Nous retrouvons d'abord un point sur lequel Jésus insiste souvent : le risque de parler en l'air et de se contenter de mots. Il insiste : « Ce n'est pas en me disant : 'Seigneur, Seigneur' qu'on entrera dans le Royaume des Cieux ! ». Il sait bien que les promesses de l'apôtre Pierre de le suivre jusqu'à la mort, ne sont que des mots en l'air. Ailleurs encore il cite Ésaïe : « Ce peuple m'honore des lèvres, mais son cœur est loin de moi ». Il se méfie aussi des serments et recommande même de ne jamais en faire. Il ne méprise pas pour autant les paroles et les promesses, mais il rappelle qu'on peut très bien dire : « Oui, oui ! » et ne s'engager à rien.
Et cependant, là n'est pas le but de cette parabole. Dans le passage de l'évangile d'aujourd'hui, il s'agit, une fois de plus, d'une discussion avec les grands prêtres, les anciens et les scribes, auxquels Jésus oppose les publicains et les prostituées. Non seulement il se méfie des paroles et des promesses, mais il se méfie aussi des professions de foi, et surtout de toute exhibition de bonne conduite, selon la Loi. Parce que tout cela risque de donner le change.
Nous sommes ici au cœur de l'enseignement de Jésus. A la suite des prophètes, il appelle à une nouvelle conversion. Derrière sa critique des paroles en l'air et de l'ostentation dans l'observance, il met en garde contre toute forme d'autojustification. Il respecte évidemment ceux qui s'efforcent de garder une conduite impeccable, -- mais pas si cela ne leur sert qu'à se glorifier devant les hommes et à se justifier devant Dieu. Il y a en effet une façon d'observer scrupuleusement tous les préceptes, qui immunise contre tout accueil de l'Évangile. En ce cas, les vertus deviennent des anticorps qui excluent toute conversion. Les évangiles nous dépeignent de nombreuses personnes qui sont ainsi devenues imperméables à la grâce, la grâce du pardon, comme le jeune homme riche « qui observait tous ces préceptes depuis sa jeunesse » ou le pharisien qui prie devant, et rend grâce à Dieu, parce qu'il est parfait. Pensons également au fils ainé de la parabole du fils prodigue, qui n'a jamais désobéi à son père, ou encore aux ouvriers de la première heure, - toutes ces personnes si méritantes ! Mais ce qui caractérise toutes ces personnes est précisément quelles n'ont pas besoin de l'Évangile, puisqu'elles n'ont rien à se reprocher.

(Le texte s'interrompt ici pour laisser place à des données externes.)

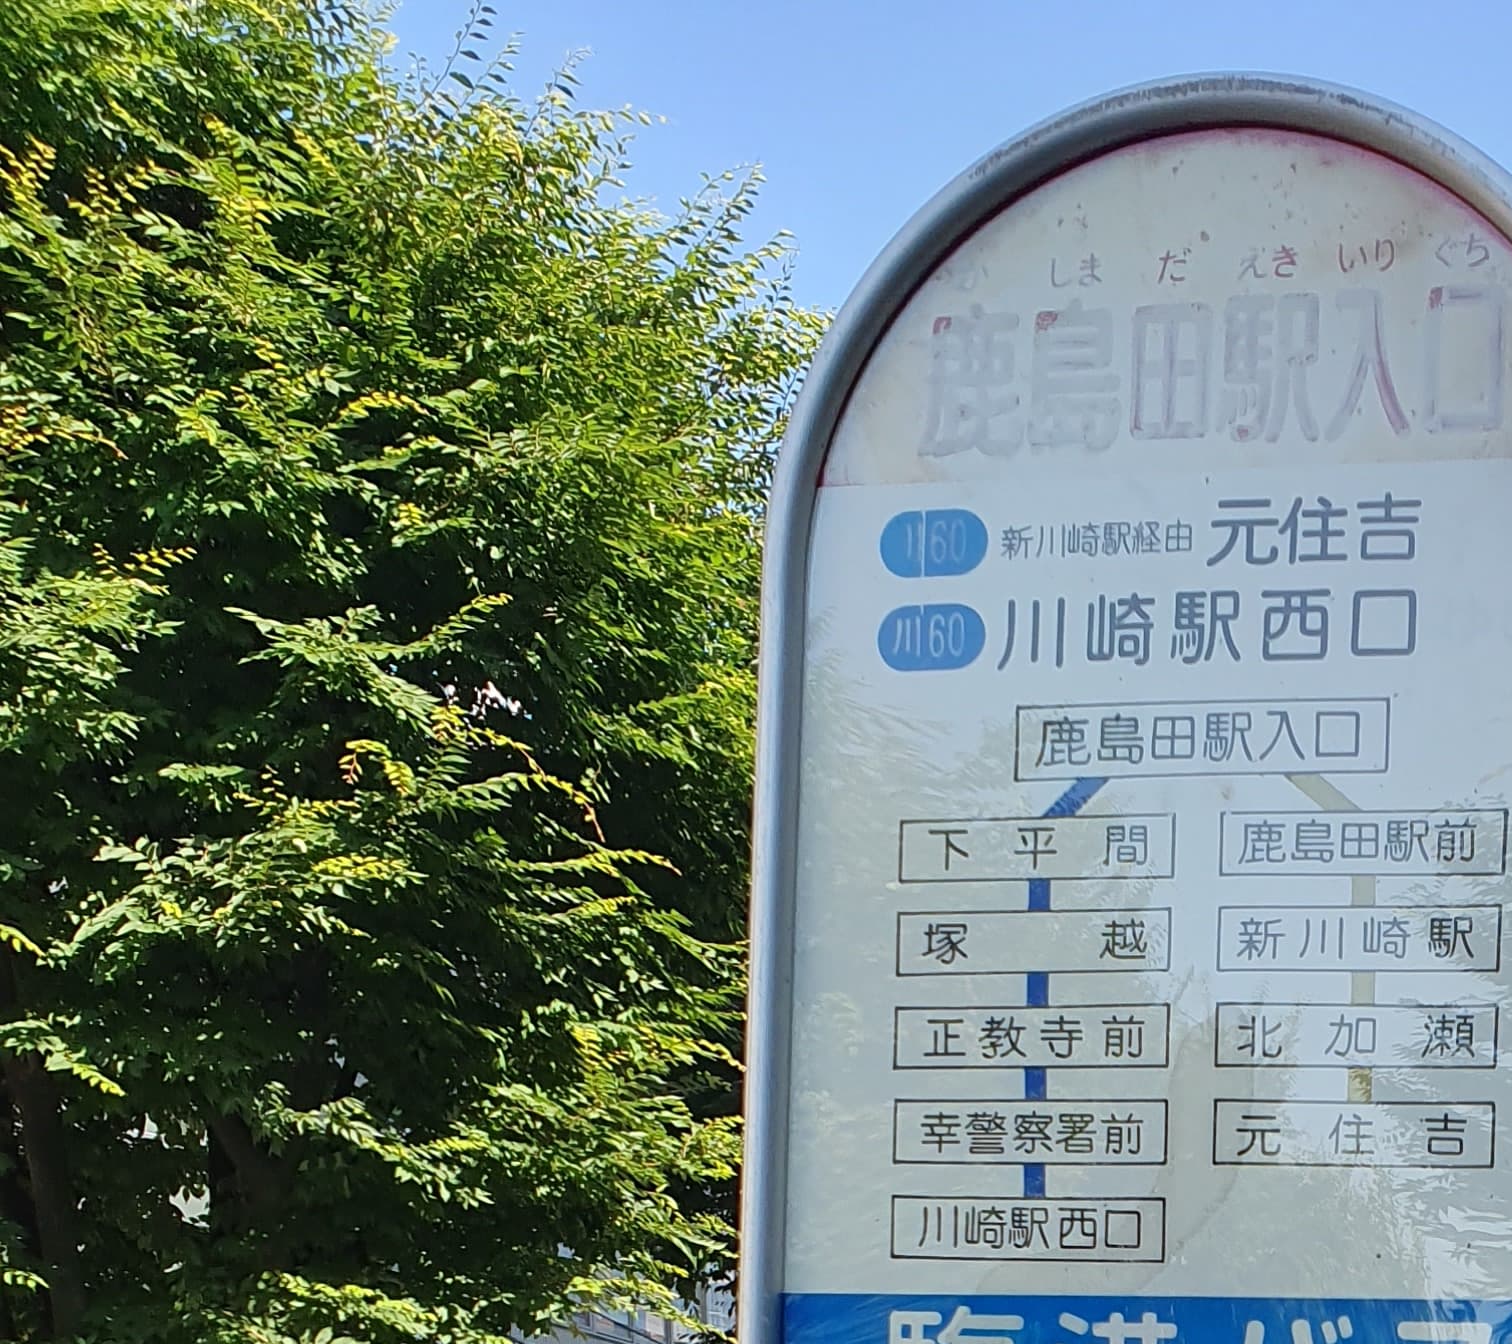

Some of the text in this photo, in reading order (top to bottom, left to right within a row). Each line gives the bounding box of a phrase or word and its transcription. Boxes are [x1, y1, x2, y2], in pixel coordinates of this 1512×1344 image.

[917, 284, 1508, 458] 鹿島田駅入口
[1000, 518, 1193, 561] 新川崎駅経由
[1206, 493, 1422, 567] 元住吉
[997, 588, 1418, 672] 川崎駅西口
[1034, 710, 1361, 768] 鹿島田駅入口
[926, 825, 1149, 873] 下平間
[1237, 818, 1477, 866] 鹿島田駅前
[924, 919, 1147, 964] 塚越
[1237, 915, 1475, 962] 新川崎駅
[924, 1015, 1145, 1060] 正教寺前
[1237, 1014, 1476, 1059] 北加瀬
[921, 1112, 1145, 1157] 幸警察署前
[1236, 1114, 1469, 1158] 元住吉
[917, 1209, 1143, 1251] 川崎駅西口

Et Jésus n'a pas non plus grand chose à leur dire, parce qu'« ils n'ont pas (non plus) d'oreilles pour entendre » la Bonne Nouvelle.

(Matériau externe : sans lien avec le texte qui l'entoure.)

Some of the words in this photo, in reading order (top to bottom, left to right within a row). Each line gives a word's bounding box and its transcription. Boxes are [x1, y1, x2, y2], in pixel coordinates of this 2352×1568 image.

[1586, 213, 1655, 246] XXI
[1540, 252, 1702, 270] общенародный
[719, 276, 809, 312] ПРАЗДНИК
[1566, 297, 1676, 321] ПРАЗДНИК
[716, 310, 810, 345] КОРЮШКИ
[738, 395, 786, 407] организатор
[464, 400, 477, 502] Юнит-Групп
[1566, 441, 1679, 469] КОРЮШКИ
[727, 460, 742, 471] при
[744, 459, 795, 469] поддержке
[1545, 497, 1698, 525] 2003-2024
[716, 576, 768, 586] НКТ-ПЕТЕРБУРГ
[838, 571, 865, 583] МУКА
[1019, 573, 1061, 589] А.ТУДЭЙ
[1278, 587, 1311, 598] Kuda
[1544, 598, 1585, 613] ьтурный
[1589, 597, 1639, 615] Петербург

Mais il s'adresse à ceux qui, de l'une ou l'autre façon, ont d'abord dit « Non ! », et puis qui se sont repentis. En face de toutes ces personnes si sûres d'elles, de leurs mérites et de leurs droits, qu'évoquent les évangiles, il y a tous les autres : publicains, prostituées, prodigues, les mendiants, tous les humiliés, la samaritaine, la syrophénicienne, le centurion de l'armée d'occupation, le larron, bref tous ceux qui ne pouvaient se prévaloir de rien et qui se sont tournés vers Jésus Sauveur. Ils se sont 'convertis'. Et les évangiles abondent également de récits de conversion, comme celle de Matthieu ou de Marie de Magdala.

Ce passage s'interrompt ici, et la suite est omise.